### Problem details
Copy exactly, and copy only, the lines from the one bearing "this 1508×1509 image." through the final line of the records.

Saved data entries
○ ○ ○ ○ ○
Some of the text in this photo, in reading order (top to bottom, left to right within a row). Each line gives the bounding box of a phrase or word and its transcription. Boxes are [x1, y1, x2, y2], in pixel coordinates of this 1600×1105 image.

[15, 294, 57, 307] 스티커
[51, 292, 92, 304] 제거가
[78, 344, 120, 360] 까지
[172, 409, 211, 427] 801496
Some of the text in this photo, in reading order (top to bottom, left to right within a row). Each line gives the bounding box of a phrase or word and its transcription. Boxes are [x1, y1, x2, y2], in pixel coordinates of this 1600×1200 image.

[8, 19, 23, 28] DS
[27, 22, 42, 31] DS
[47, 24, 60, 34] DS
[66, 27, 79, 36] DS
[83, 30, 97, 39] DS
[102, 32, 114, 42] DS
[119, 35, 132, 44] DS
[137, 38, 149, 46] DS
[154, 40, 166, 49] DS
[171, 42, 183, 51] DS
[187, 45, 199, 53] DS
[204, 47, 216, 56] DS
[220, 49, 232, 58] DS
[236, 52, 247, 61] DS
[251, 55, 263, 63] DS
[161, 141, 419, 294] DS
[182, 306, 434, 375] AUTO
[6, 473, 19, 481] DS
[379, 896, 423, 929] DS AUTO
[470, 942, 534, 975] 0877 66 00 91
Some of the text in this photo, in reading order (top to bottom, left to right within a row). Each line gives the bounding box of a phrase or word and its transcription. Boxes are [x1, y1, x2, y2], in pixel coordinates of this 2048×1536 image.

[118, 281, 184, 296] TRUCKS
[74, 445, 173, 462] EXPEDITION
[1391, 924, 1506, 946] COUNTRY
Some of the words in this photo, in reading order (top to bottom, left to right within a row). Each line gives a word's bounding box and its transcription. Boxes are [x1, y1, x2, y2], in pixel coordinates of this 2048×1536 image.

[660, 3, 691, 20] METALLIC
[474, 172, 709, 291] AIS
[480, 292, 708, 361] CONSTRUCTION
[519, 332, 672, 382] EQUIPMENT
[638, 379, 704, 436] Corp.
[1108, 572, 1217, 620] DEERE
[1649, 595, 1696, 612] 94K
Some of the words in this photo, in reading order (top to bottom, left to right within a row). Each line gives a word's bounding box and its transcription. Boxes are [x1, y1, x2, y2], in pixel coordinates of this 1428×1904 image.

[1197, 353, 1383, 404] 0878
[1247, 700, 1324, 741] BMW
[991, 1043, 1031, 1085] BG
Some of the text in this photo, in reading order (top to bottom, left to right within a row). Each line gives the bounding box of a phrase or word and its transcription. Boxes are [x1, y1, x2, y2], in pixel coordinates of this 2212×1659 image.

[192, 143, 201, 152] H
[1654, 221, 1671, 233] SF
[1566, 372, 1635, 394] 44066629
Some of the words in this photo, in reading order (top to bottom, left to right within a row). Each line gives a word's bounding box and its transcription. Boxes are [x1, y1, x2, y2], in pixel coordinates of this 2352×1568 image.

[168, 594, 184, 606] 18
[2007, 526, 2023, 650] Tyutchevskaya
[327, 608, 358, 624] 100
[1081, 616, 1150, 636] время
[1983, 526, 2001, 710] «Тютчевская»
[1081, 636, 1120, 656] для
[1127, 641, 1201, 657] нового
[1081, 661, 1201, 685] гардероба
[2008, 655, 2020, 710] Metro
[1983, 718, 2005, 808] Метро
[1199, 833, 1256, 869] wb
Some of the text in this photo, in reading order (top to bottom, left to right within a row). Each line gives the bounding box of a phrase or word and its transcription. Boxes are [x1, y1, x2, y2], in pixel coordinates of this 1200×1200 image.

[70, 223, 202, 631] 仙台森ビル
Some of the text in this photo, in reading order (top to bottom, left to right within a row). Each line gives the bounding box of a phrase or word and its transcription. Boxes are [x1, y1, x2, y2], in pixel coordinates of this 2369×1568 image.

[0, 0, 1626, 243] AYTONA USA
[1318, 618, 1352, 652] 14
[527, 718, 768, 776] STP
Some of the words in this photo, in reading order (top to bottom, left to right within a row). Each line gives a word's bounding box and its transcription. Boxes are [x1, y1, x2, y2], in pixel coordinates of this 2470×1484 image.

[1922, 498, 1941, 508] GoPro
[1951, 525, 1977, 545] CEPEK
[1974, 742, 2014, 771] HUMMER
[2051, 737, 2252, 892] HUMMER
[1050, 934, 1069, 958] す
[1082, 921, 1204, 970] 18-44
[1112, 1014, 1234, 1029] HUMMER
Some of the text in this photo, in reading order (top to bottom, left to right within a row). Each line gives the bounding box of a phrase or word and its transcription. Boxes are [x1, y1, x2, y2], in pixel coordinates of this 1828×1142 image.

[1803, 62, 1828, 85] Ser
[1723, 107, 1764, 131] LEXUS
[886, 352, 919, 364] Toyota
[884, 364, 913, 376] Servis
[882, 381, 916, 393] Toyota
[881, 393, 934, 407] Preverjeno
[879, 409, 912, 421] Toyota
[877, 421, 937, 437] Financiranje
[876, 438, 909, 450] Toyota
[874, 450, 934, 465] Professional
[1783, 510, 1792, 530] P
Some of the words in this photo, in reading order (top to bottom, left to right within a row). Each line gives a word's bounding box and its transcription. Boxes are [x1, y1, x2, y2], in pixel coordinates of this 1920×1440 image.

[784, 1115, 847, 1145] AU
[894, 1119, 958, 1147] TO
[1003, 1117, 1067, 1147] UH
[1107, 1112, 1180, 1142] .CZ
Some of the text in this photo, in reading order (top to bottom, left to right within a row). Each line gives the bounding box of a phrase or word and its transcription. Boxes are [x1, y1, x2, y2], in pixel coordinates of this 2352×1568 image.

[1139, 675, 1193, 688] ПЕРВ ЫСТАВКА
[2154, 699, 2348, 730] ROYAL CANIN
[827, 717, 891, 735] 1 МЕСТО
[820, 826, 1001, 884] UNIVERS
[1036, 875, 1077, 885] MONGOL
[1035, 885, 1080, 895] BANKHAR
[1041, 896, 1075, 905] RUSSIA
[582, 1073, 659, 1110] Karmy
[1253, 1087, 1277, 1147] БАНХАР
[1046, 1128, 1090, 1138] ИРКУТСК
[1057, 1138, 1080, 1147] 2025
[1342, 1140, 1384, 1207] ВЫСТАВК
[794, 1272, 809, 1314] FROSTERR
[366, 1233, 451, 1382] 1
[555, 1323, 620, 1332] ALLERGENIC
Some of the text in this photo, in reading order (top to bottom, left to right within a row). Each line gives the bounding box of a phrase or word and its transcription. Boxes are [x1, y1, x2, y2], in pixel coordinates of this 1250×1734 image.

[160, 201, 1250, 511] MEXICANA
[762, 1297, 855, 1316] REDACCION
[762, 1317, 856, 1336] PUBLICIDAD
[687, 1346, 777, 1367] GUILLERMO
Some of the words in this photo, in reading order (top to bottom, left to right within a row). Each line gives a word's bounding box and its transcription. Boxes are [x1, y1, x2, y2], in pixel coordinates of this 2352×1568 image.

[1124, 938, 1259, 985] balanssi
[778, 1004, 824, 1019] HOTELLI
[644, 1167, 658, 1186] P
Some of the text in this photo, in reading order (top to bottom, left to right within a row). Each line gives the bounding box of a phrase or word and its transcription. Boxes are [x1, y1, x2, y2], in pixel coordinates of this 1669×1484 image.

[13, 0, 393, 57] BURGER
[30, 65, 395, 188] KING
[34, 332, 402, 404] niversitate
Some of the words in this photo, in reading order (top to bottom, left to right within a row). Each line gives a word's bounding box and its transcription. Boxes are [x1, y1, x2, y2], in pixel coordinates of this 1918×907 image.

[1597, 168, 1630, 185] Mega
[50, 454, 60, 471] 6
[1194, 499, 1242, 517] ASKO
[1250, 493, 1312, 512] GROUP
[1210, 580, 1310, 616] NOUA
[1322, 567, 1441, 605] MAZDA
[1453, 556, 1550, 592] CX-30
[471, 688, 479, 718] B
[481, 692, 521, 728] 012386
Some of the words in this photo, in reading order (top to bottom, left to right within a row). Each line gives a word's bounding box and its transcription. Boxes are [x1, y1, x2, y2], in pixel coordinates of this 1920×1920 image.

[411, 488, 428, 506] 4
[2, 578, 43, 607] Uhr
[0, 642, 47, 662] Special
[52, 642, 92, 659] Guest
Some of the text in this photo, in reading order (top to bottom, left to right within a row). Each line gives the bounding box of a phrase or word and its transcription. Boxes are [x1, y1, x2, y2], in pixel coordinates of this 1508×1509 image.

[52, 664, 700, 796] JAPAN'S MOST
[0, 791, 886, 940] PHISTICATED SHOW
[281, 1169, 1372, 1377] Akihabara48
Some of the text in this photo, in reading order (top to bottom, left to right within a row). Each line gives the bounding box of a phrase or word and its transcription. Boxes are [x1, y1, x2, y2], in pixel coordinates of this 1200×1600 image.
○ ○ ○ ○ ○
### Completed exercise
Some of the text in this photo, in reading order (top to bottom, left to right within a row). Each line gives the bounding box of a phrase or word and its transcription. Boxes are [x1, y1, x2, y2], in pixel coordinates of this 1508×1509 image.

[52, 664, 700, 796] JAPAN'S MOST
[0, 791, 886, 940] PHISTICATED SHOW
[281, 1169, 1372, 1377] Akihabara48
Some of the text in this photo, in reading order (top to bottom, left to right within a row). Each line gives the bounding box of a phrase or word and its transcription. Boxes are [x1, y1, x2, y2], in pixel coordinates of this 1200×1600 image.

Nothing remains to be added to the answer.